From a65750ffb6a1cbd8fb91dd500bd29ca1cdab046b Mon Sep 17 00:00:00 2001
From: hogeheer499 <hogeheer499@gmail.com>
Date: Thu, 12 Mar 2026 23:09:41 +0100
Subject: [PATCH 1/3] ggml-cuda: fix UMA memory detection for HIP/ROCm on AMD
 APUs

AMD APUs report prop.integrated=1 which triggers the UMA memory
path from #17368. This overrides hipMemGetInfo() (accurate) with
/proc/meminfo MemAvailable (too low), losing ~30 GiB on a 128GB
Strix Halo system.

For HIP builds, only enter the UMA path when GGML_CUDA_ENABLE_UNIFIED_MEMORY
is explicitly set.

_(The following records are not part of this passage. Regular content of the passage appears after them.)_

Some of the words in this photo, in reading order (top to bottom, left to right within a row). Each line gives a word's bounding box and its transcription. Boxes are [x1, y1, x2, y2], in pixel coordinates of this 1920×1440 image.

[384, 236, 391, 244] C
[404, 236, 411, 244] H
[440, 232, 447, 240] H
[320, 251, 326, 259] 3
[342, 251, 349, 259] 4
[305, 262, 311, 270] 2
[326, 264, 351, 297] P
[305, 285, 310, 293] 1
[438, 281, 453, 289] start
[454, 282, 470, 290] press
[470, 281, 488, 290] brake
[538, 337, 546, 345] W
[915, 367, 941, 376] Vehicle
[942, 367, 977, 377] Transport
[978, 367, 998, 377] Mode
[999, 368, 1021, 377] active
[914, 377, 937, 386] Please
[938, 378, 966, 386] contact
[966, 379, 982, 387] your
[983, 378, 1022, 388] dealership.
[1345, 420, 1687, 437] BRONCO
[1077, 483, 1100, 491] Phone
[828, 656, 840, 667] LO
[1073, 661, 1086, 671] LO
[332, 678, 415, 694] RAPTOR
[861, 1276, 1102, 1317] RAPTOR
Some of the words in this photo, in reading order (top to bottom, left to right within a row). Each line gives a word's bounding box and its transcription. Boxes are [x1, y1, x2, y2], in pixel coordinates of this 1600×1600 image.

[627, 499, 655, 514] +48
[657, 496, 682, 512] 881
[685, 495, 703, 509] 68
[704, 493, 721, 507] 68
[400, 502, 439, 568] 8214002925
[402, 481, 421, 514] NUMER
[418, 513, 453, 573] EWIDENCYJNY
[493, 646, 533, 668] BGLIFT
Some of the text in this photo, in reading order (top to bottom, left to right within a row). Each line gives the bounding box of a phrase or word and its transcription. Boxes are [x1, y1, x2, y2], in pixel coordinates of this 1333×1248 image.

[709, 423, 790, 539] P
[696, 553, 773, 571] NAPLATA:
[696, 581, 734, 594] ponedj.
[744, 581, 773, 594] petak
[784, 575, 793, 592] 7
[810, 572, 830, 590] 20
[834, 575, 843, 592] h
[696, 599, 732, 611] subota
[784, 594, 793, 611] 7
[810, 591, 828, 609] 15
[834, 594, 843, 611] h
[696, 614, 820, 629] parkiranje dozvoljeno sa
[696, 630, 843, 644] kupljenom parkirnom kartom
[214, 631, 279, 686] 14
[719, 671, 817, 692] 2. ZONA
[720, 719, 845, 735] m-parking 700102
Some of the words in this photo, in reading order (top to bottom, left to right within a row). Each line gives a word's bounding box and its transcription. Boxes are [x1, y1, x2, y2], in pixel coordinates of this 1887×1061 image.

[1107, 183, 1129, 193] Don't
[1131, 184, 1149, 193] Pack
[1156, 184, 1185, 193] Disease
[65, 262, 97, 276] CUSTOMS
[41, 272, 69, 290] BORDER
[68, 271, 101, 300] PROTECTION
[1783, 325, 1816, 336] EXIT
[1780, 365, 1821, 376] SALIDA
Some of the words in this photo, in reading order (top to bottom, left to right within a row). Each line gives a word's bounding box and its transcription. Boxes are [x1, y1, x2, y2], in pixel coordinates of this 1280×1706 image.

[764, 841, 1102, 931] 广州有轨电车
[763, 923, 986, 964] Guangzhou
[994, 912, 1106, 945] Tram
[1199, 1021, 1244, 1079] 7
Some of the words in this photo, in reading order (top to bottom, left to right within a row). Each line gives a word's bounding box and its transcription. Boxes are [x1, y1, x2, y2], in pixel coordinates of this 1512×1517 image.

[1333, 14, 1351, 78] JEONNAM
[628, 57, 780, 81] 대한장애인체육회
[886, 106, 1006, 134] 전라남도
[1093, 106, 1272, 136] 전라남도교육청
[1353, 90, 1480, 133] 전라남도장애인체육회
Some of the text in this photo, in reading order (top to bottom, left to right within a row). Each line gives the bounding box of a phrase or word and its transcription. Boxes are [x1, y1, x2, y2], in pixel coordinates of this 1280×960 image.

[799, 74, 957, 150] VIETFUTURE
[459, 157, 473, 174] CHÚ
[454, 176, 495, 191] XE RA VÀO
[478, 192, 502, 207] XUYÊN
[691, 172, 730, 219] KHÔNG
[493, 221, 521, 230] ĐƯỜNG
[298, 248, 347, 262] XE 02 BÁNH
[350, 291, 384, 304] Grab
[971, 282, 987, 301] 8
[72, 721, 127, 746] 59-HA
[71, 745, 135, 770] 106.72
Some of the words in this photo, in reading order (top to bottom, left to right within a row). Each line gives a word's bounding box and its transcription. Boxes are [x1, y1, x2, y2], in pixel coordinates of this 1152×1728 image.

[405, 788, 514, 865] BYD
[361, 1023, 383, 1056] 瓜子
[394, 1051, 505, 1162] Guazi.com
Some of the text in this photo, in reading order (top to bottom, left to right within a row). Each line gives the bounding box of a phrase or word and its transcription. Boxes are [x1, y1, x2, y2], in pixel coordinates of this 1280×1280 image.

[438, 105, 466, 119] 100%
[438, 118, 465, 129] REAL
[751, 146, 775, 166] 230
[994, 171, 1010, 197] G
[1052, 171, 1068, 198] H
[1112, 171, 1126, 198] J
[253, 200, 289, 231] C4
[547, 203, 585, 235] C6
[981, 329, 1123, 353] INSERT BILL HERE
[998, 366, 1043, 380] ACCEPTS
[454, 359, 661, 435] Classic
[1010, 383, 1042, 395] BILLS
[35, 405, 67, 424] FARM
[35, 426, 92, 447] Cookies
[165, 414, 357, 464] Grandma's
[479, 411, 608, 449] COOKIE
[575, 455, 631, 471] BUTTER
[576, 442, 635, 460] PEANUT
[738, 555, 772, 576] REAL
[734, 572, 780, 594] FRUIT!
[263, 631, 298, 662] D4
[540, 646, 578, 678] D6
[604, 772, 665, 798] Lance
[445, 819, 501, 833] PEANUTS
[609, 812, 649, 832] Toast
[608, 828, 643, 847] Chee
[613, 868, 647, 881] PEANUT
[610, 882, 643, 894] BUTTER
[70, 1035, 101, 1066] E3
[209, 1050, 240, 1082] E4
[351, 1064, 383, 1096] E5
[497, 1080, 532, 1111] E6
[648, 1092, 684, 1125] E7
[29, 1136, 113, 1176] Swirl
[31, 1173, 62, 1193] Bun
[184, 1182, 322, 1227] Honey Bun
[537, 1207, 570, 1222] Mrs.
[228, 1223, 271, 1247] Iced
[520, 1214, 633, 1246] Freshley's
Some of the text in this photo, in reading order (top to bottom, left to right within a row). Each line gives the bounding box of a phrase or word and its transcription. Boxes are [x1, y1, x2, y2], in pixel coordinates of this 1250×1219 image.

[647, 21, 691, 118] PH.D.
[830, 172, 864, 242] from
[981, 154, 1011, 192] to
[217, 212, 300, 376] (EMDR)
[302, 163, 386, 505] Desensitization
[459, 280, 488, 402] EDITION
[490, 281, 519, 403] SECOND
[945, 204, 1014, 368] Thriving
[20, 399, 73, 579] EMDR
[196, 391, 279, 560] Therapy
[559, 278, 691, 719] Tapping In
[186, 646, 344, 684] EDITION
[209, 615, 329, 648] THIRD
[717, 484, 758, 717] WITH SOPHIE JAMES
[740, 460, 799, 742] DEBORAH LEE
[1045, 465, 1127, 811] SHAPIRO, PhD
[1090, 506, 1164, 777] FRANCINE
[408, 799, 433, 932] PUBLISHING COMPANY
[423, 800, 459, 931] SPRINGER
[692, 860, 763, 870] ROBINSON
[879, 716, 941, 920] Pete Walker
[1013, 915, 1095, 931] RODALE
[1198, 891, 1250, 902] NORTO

This preserves correct behavior for both cases:
- Default: hipMemGetInfo() reports accurate TTM-backed memory
- GGML_CUDA_ENABLE_UNIFIED_MEMORY=1: /proc/meminfo is used (system RAM mode)

Tested on AMD Ryzen AI MAX+ 395, Radeon 8060S (gfx1151), 128GB, ROCm 7.1.

Fixes: ggml-org#18159
---
 ggml/src/ggml-cuda/ggml-cuda.cu | 7 +++++++
 1 file changed, 7 insertions(+)

diff --git a/ggml/src/ggml-cuda/ggml-cuda.cu b/ggml/src/ggml-cuda/ggml-cuda.cu
index a31e843e15..0ed004f24a 100644
--- a/ggml/src/ggml-cuda/ggml-cuda.cu
+++ b/ggml/src/ggml-cuda/ggml-cuda.cu
@@ -4607,7 +4607,14 @@ static void ggml_backend_cuda_device_get_memory(ggml_backend_dev_t dev, size_t *
 
     // Check if UMA is explicitly enabled via environment variable
     bool uma_env = getenv("GGML_CUDA_ENABLE_UNIFIED_MEMORY") != nullptr;
+
+#if defined(GGML_USE_HIP)
+    // On AMD APUs, prop.integrated is true but hipMemGetInfo() already returns
+    // the correct TTM-backed memory. Only use the UMA path when explicitly requested.
+    bool is_uma = uma_env;
+#else
     bool is_uma = prop.integrated > 0 || uma_env;
+#endif
 
     if (is_uma) {
         // For UMA systems (like DGX Spark), use system memory info

From 40b234d6b4f723bd808d19e63de78b154207bb37 Mon Sep 17 00:00:00 2001
From: hogeheer499-commits <hogeheer499@gmail.com>
Date: Fri, 13 Mar 2026 17:37:40 +0100
Subject: [PATCH 2/3] Update ggml/src/ggml-cuda/ggml-cuda.cu
MIME-Version: 1.0
Content-Type: text/plain; charset=UTF-8
Content-Transfer-Encoding: 8bit

Co-authored-by: Johannes Gäßler <johannesg@5d6.de>
---
 ggml/src/ggml-cuda/ggml-cuda.cu | 2 +-
 1 file changed, 1 insertion(+), 1 deletion(-)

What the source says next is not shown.